West already has too much along that wall. Water heater, old oil burner, a semi finished bathroom, etc. Basically no room.

South wall is furthest away. It's the front of the hose but there's really nothing else there. I don't want to move the dryer there but I don't mind running a vent that far... 

Hence my original question: How far can I run a vent?


----------



## AandPDan (Mar 27, 2011)

DeCaff2007 said:


> Hence my original question: How far can I run a vent?


It depends on the dryer. Check the manual.

There are deductions to make for each elbow too.

You'll probably need a booster from your description.


----------



## DeCaff2007 (Sep 28, 2014)

I've decided to move the dryer against the the south wall. I need to make a small repair there first before I move it.

Now, wonder if I can mount a dryer vent through plaster/chicken wire, or vinyl siding. Either way, it's got to be done.


----------



## AandPDan (Mar 27, 2011)

Yes you can go through any of those. Just find something solid to attach the vent grill/damper.


----------



## DeCaff2007 (Sep 28, 2014)

Excellent. Good to know. I think I might have to wait until tomorrow morning to get started on this.

I lifted a piece of the vinyl siding and there was asbestos siding underneath .

Not sure how to deal with that...


----------



## ddawg16 (Aug 15, 2011)

You might consider doing something like this.

Just before I had my house stuccoed I took a 4" PVC coupling, cleaned it up inside enough (took the lip off) so the 4" dryer vent would fit through it.









The beauty of this, I can seal around the penetration and still have a nice clean hole for the dryer vent. The fit is tight enough that with the cap on, there are no leaks.


----------



## DeCaff2007 (Sep 28, 2014)

Interesting. 

Is there a way to drill that 4" hole in asbestos w/out all the bull**** coming out of it?


----------



## ddawg16 (Aug 15, 2011)

DeCaff2007 said:


> Interesting.
> 
> Is there a way to drill that 4" hole in asbestos w/out all the bull**** coming out of it?


Have the wife hold the shop vac near the blade as you cut. That will suck all the dust into the vac


----------



## AandPDan (Mar 27, 2011)

A better method would be to keep it wet as you cut it. You don't want it getting airborne.

How about just removing the tile completely as opposed to cutting it. There must be some siding under it.


----------



## Hidyi (Sep 26, 2014)

As soon as you cut the asbestos siding, it becomes friable. I would think you would need a hepa vac. If you use your shop vac, it would become contaminated. 

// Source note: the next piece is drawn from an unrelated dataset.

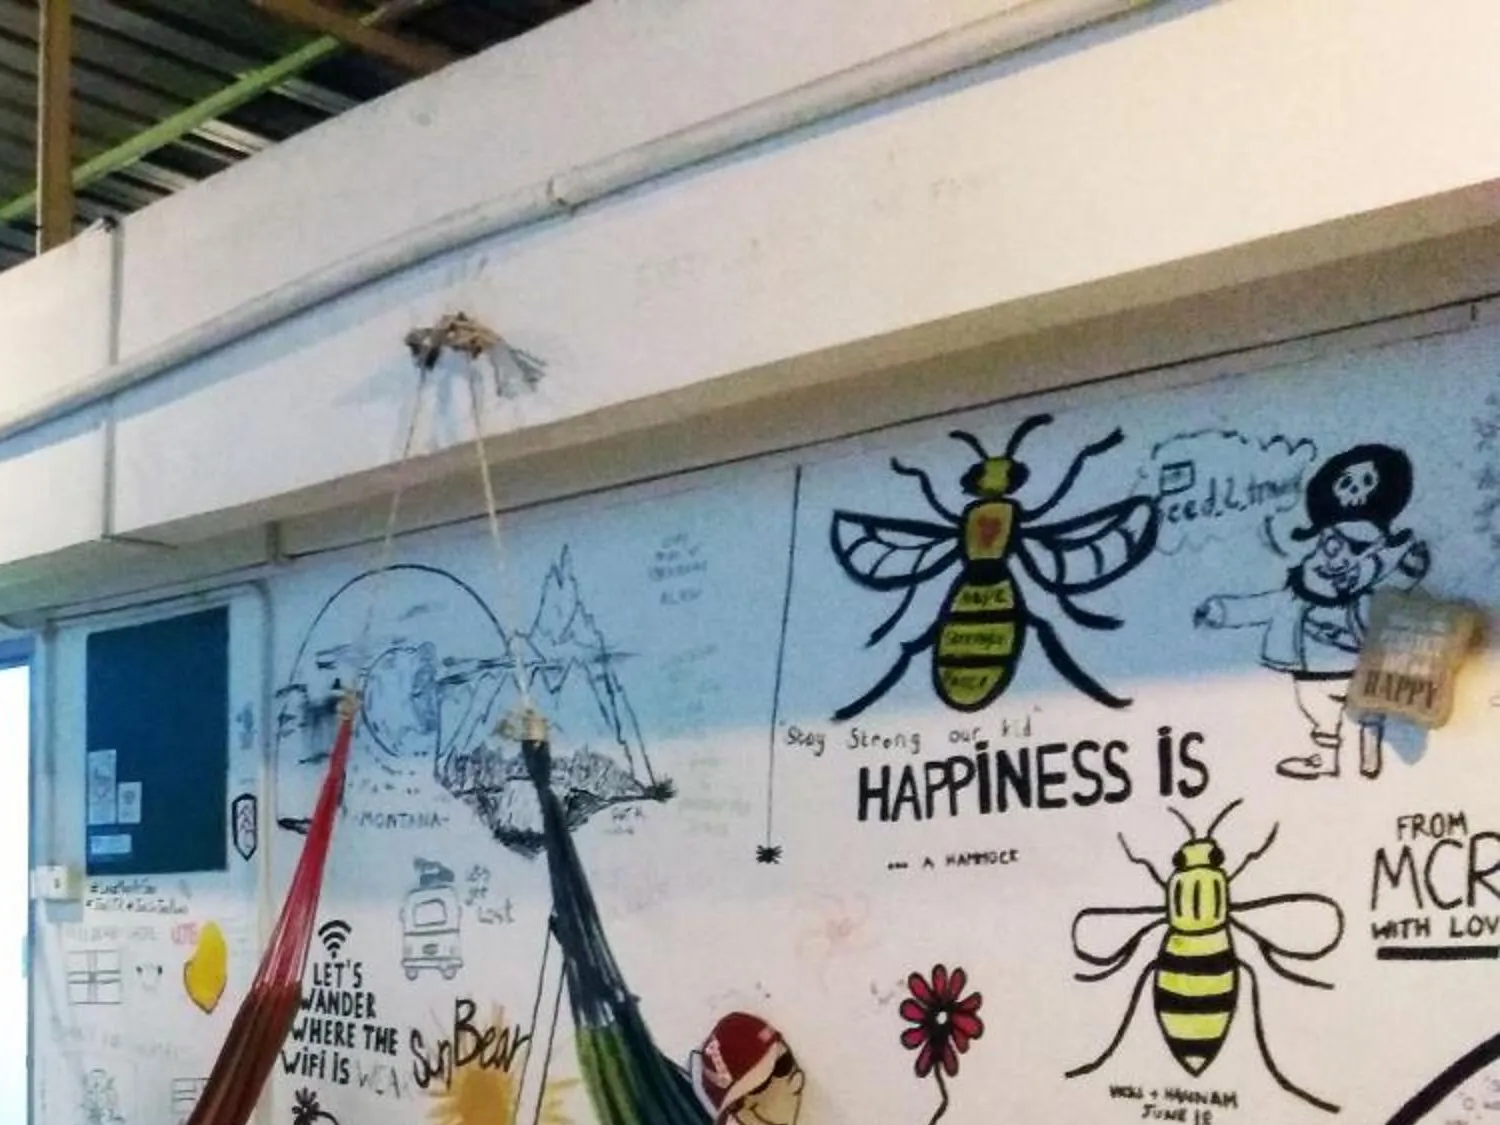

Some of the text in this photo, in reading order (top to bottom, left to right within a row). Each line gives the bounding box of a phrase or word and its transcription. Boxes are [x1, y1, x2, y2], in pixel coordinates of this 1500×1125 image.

Is it possible to remove the one piece of asbestos siding and replace with something else? Then cut the hole. Don't mind me I'm on the cautious side.


----------



## DeCaff2007 (Sep 28, 2014)

Hidyi said:


> As soon as you cut the asbestos siding, it becomes friable. I would think you would need a hepa vac. If you use your shop vac, it would become contaminated.
> 
> Is it possible to remove the one piece of asbestos siding and replace with something else? Then cut the hole. Don't mind me I'm on the cautious side.


Maybe so, but now I've got two of the same opinions. This is good. That's what I'll do. I'll see if I can just remove ONE asbestos tile. I've worked briefly with asbestos siding before so this isn't a huge deal.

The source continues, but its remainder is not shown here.